Commenting on the diversification into derivatives, he said Petronas Chemicals acquired Da Vinci Group (DVG), the world’s largest independent producer and formulator of silicones, lubricant oil additives and chemicals.
This would provide Petronas Chemicals a ready-made business in high-growth end markets such as personal care, coatings, construction and healthcare. The acquisition would also open Petronas Chemicals to new markets and customers, further expanding its geographical footprint.
“Our Pengerang Integrated Complex (PIC) petrochemical project is another platform to provide further growth opportunities in derivatives and specialty chemicals.

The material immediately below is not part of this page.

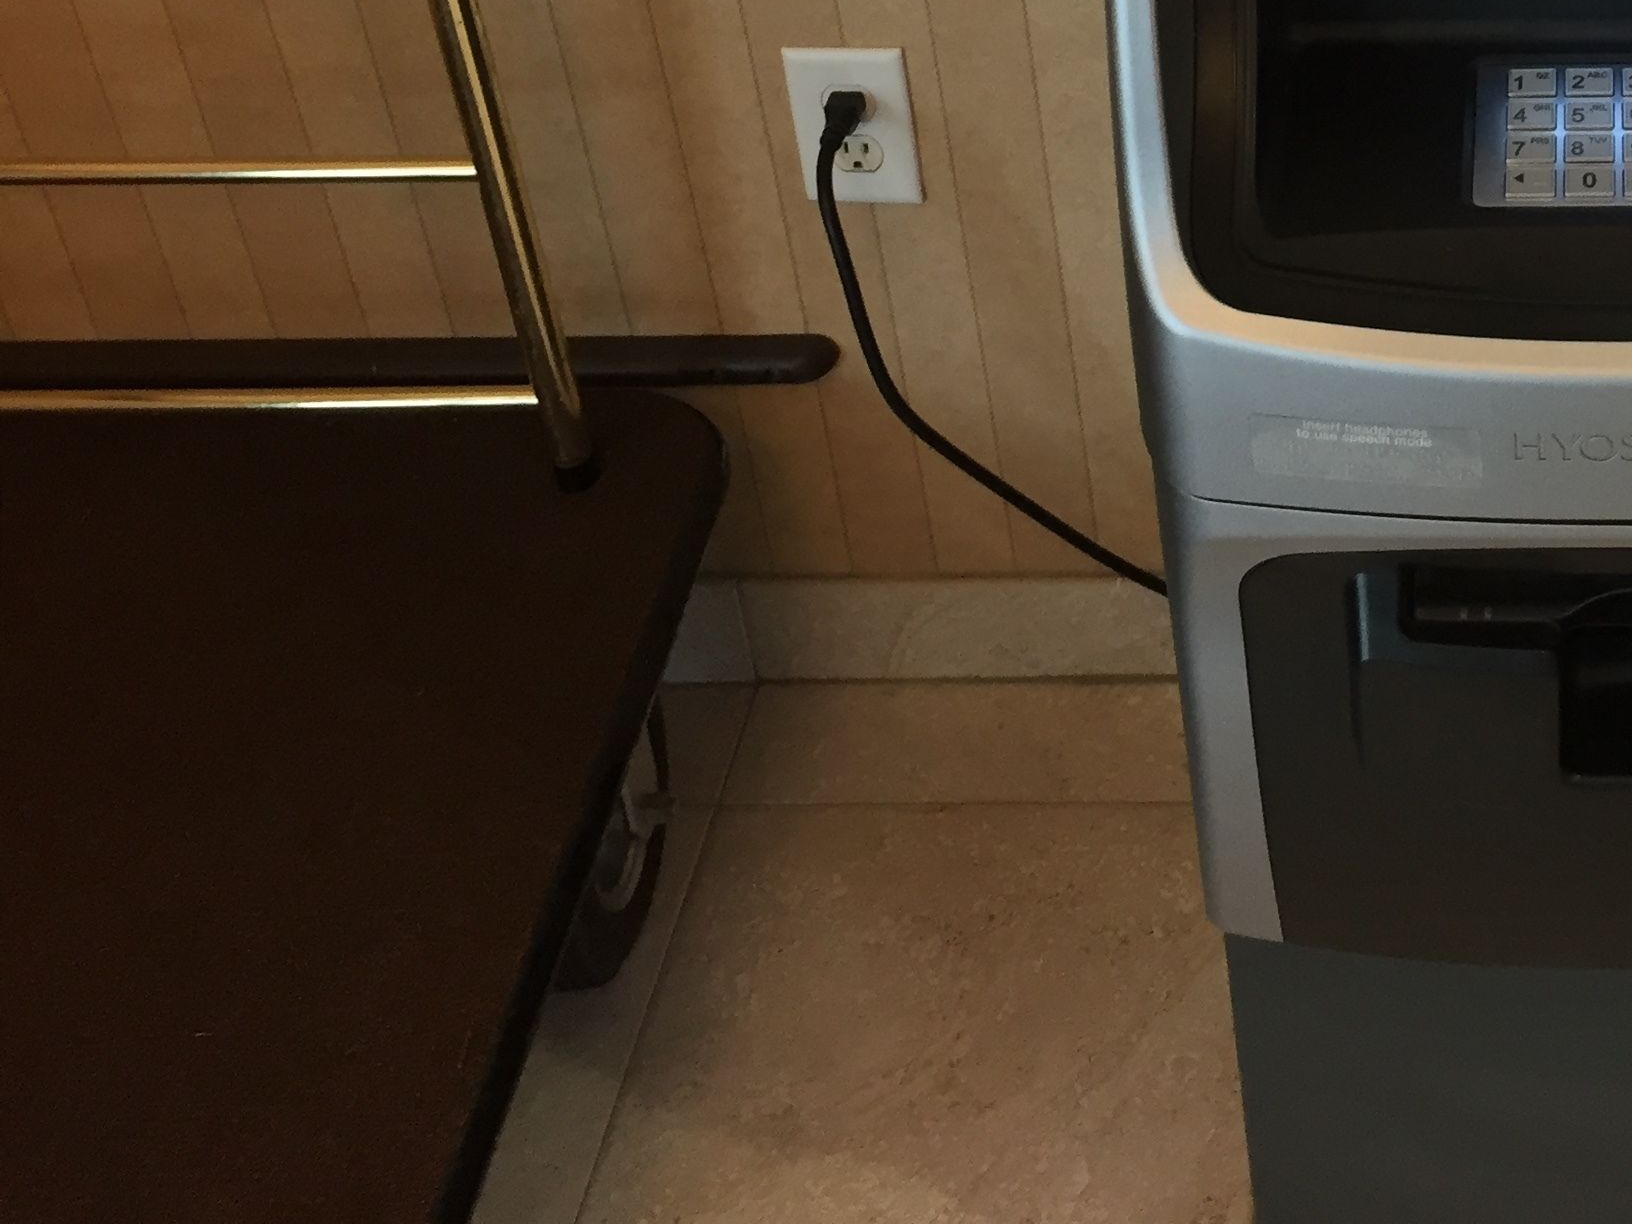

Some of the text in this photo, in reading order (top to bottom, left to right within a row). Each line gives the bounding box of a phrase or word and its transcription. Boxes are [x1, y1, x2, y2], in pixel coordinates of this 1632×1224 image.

We are gearing for full start-up towards commercial operations.
“However, this will depend on how the market recovers from the pandemic, ” he added.
Sazali said Petronas Chemicals also achieved two final investment decisions (FIDs) for the development of a butadiene derivative plant in PIC and a specialty chemicals plant in Kertih Integrated Petrochemical Complex (KIPC).
This will enable the group to move across the value chain and get closer to its end users, effectively bringing it closer towards becoming a total solutions provider.
Commenting on the FY19 financial performance, he said Petronas Chemicals sustained best-in-class plant utilisation rate at 92% despite undertaking one of its most intensive plant turnaround programmes.
As a result, it sustained high production volume at 10.4 million tonnes per annum (tpa).
Petronas Chemicals also attained world-class level of order fulfillment reliability at 97% up from 93% in 2018. Consequently, Petronas Chemicals recorded high sales volume at 8.4 million tpa comparable to that of 2018.
“This achievement comes as a result of Petronas Chemicals’s continuous focus on effective plant reliability and turnaround strategies, coupled with collaborative efforts with our suppliers and vendors to ensure supply chain efficiency.
“Moving forward, we aim to attain operational and commercial performance in 2020 that is comparable to 2019, ” Sazali said.
In FY19, Petronas Chemicals posted profit after tax of RM2.8bil and it declared a total dividend of 18 sen or RM1.44bil translating into a dividend payout ratio of 51.2% of profit after tax and non-controlling interests.
The AGM was chaired by chairman, Datuk Md Arif Mahmood, who is also Petronas executive vice president & CEO downstream, together with Sazali and chief financial officer Rashidah Alias.